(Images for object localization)
▬▬▬

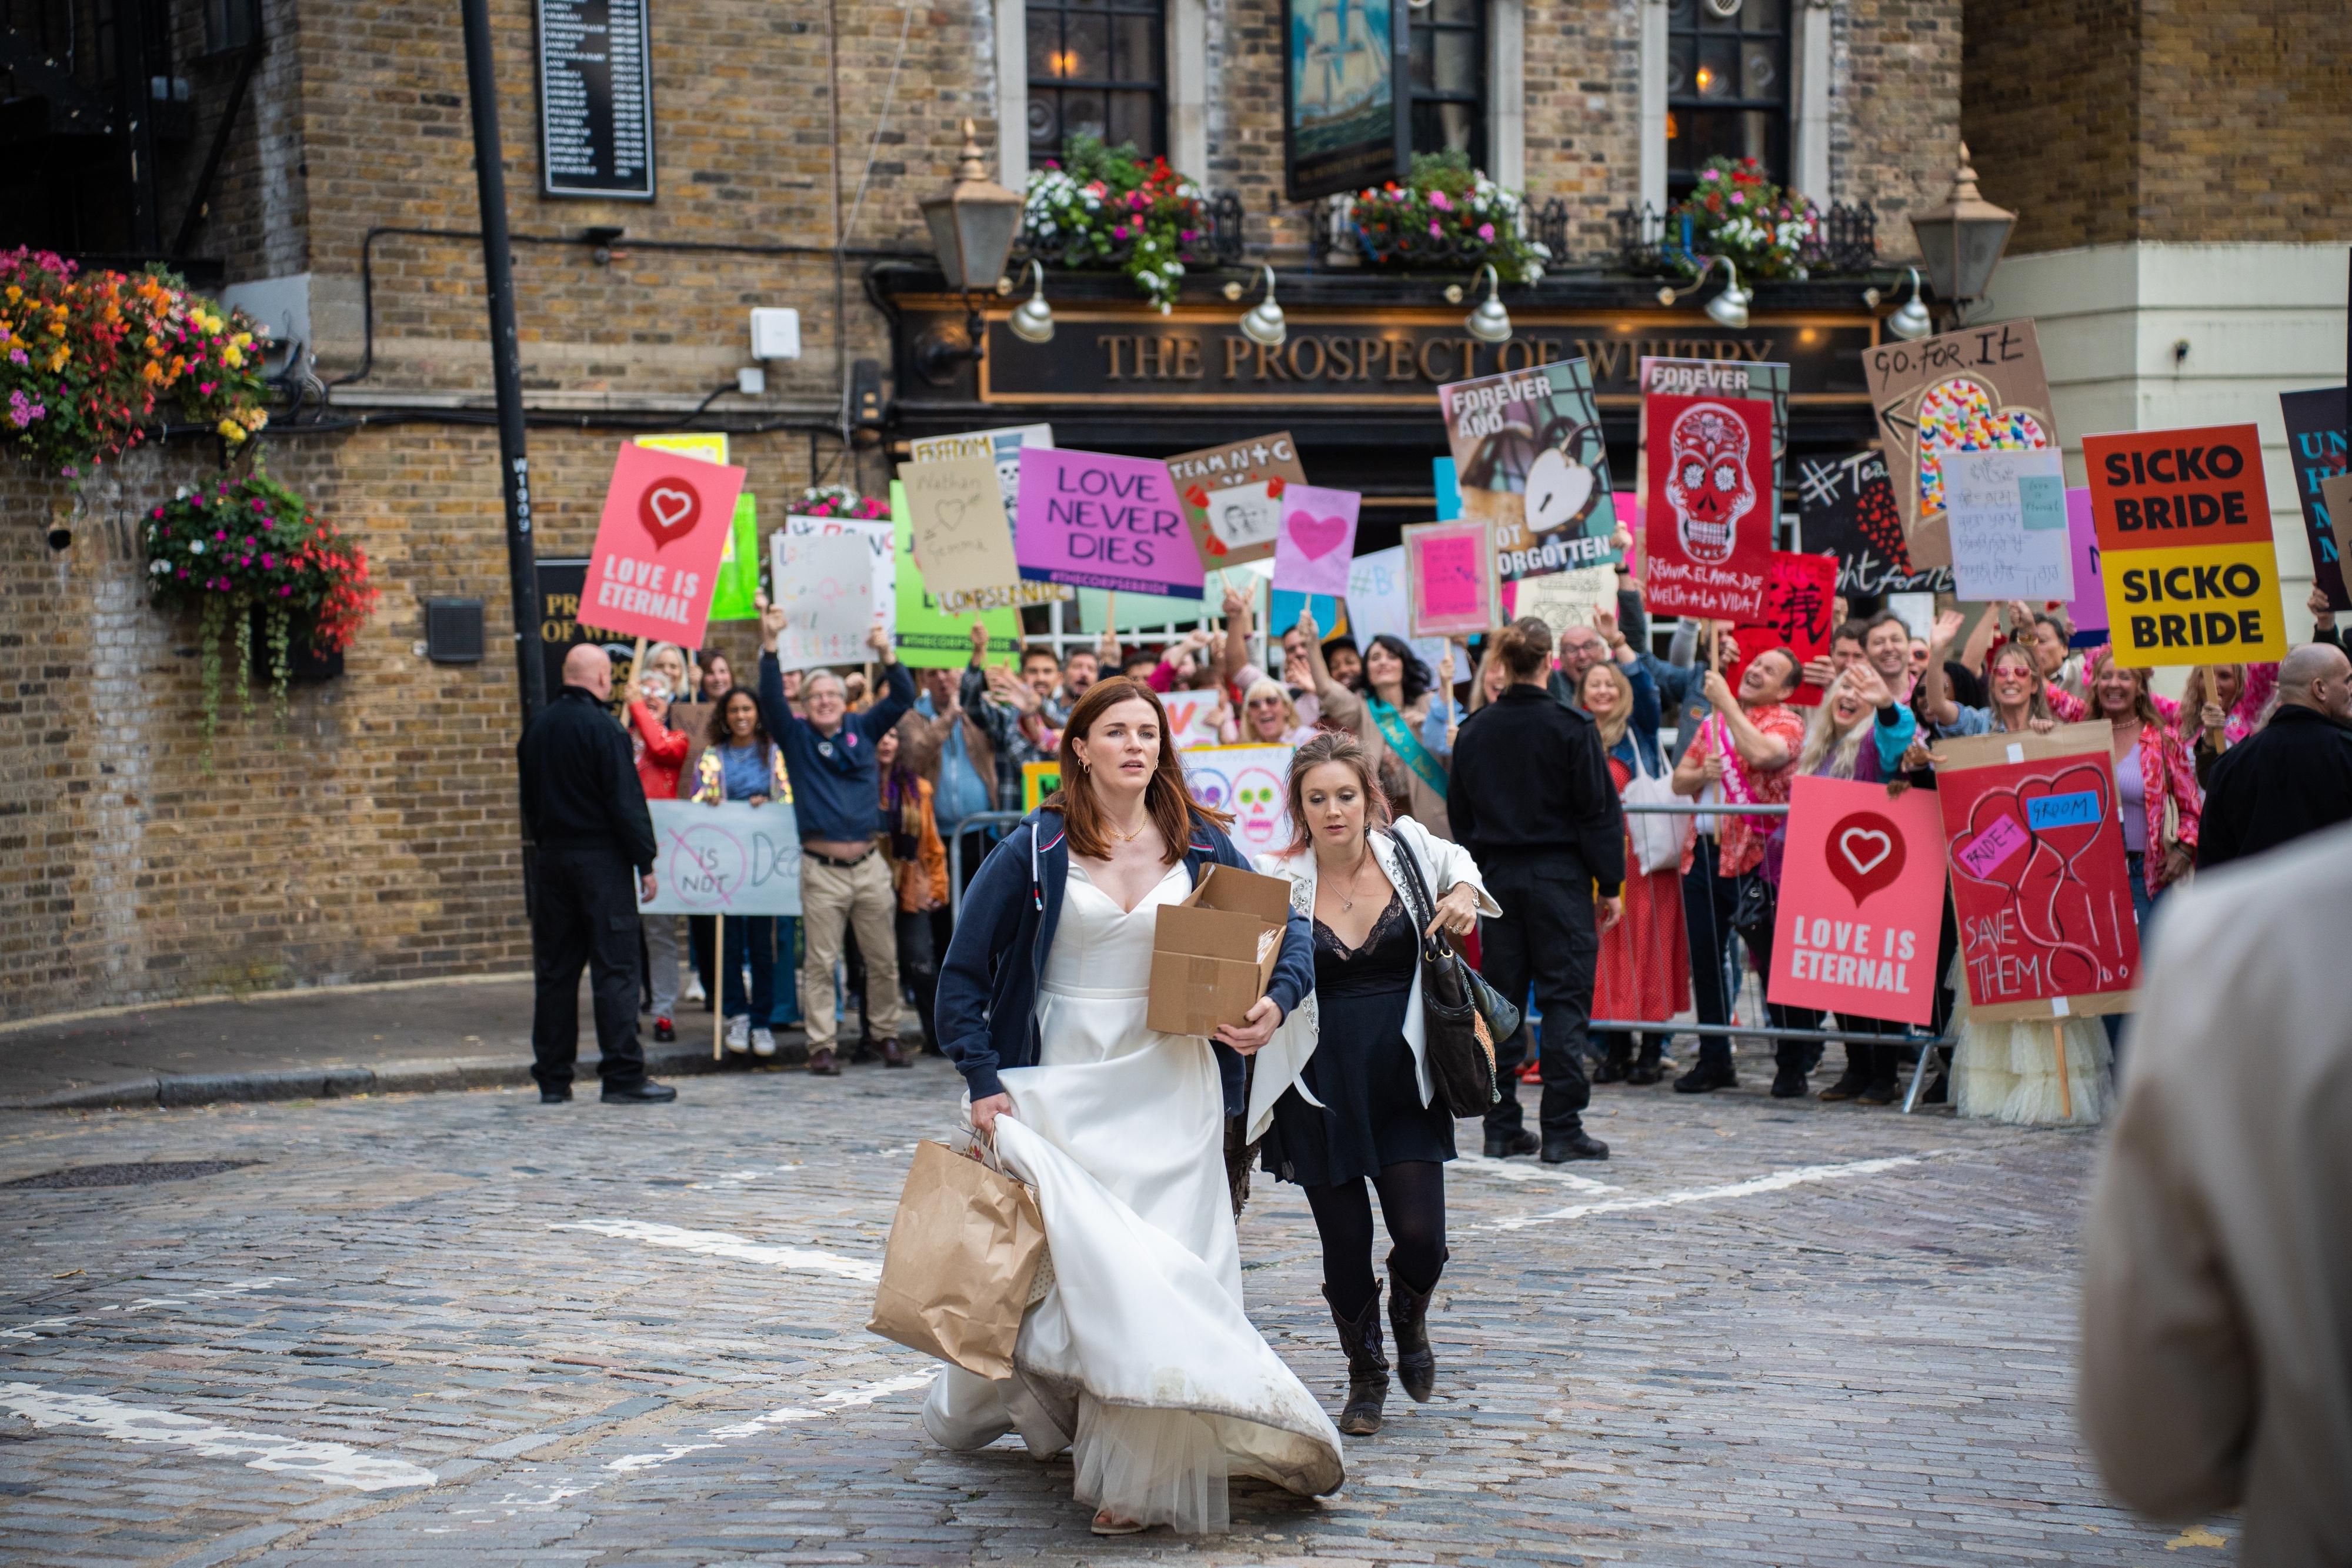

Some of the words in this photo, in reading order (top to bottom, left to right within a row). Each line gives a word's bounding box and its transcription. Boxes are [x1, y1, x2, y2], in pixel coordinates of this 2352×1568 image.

[1097, 335, 1204, 379] THE
[1223, 335, 1484, 382] PROSPECT
[1497, 337, 1562, 373] OF
[1651, 366, 1749, 391] FOREVER
[1452, 375, 1552, 414] FOREVER
[1457, 412, 1504, 439] AND
[1058, 467, 1159, 502] LOVE
[1169, 452, 1227, 481] TEAM
[1799, 449, 1889, 507] #Tea
[2106, 445, 2244, 486] SICKO
[1047, 498, 1180, 538] NEVER
[2114, 491, 2248, 532] BRIDE
[1067, 532, 1155, 566] DIES
[1497, 524, 1522, 548] OT
[1499, 534, 1611, 575] ORGOTTEN
[604, 555, 666, 589] LOVE
[672, 570, 699, 598] IS
[1741, 573, 1764, 590] DE
[2123, 563, 2261, 603] SICKO
[598, 582, 689, 625] ETERNAL
[541, 620, 576, 643] OF
[2131, 609, 2264, 649] BRIDE
[2033, 797, 2087, 823] GROOM
[682, 873, 729, 894] NOT
[1794, 915, 1871, 954] LOVE
[1884, 929, 1916, 960] IS
[1966, 909, 2017, 952] SAVE
[1791, 949, 1910, 994] ETERNAL
[1969, 954, 2041, 1003] THEM
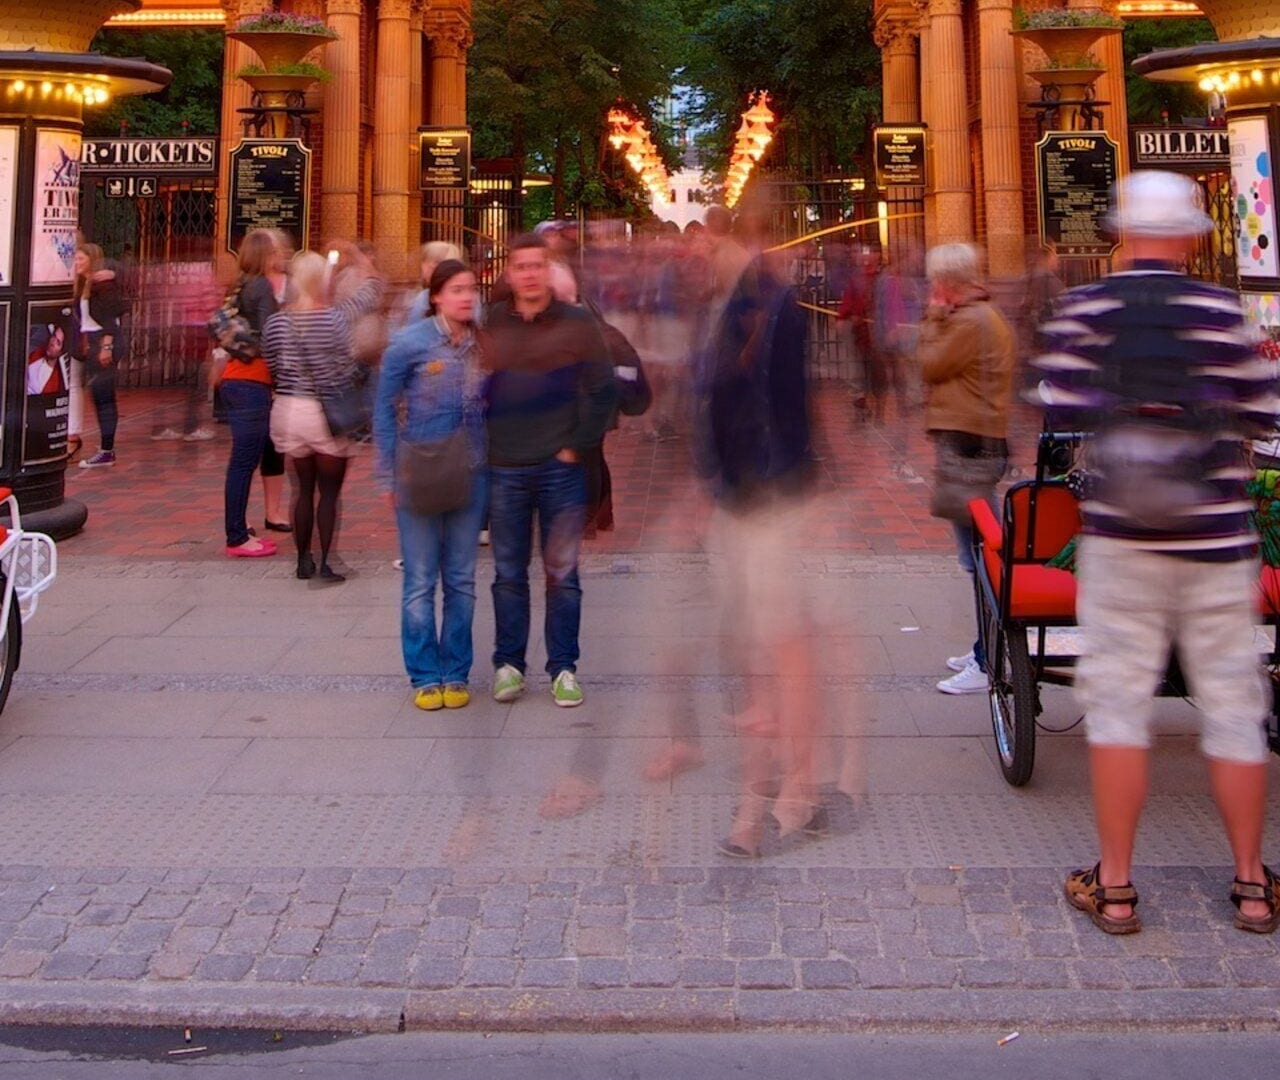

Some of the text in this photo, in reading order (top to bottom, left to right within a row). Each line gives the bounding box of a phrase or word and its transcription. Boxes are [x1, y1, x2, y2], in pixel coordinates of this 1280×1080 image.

▬▬▬

* **ACTIVITY**: Write out all the records again, exactly, minus any pictures.

* **SOLUTION TO THIS TASK**:
Some of the words in this photo, in reading order (top to bottom, left to right within a row). Each line gives a word's bounding box and its transcription. Boxes are [x1, y1, x2, y2], in pixel coordinates of this 2352×1568 image.

[1097, 335, 1204, 379] THE
[1223, 335, 1484, 382] PROSPECT
[1497, 337, 1562, 373] OF
[1651, 366, 1749, 391] FOREVER
[1452, 375, 1552, 414] FOREVER
[1457, 412, 1504, 439] AND
[1058, 467, 1159, 502] LOVE
[1169, 452, 1227, 481] TEAM
[1799, 449, 1889, 507] #Tea
[2106, 445, 2244, 486] SICKO
[1047, 498, 1180, 538] NEVER
[2114, 491, 2248, 532] BRIDE
[1067, 532, 1155, 566] DIES
[1497, 524, 1522, 548] OT
[1499, 534, 1611, 575] ORGOTTEN
[604, 555, 666, 589] LOVE
[672, 570, 699, 598] IS
[1741, 573, 1764, 590] DE
[2123, 563, 2261, 603] SICKO
[598, 582, 689, 625] ETERNAL
[541, 620, 576, 643] OF
[2131, 609, 2264, 649] BRIDE
[2033, 797, 2087, 823] GROOM
[682, 873, 729, 894] NOT
[1794, 915, 1871, 954] LOVE
[1884, 929, 1916, 960] IS
[1966, 909, 2017, 952] SAVE
[1791, 949, 1910, 994] ETERNAL
[1969, 954, 2041, 1003] THEM

Some of the text in this photo, in reading order (top to bottom, left to right within a row). Each line gives the bounding box of a phrase or word and its transcription. Boxes are [x1, y1, x2, y2], in pixel coordinates of this 1280×1080 image.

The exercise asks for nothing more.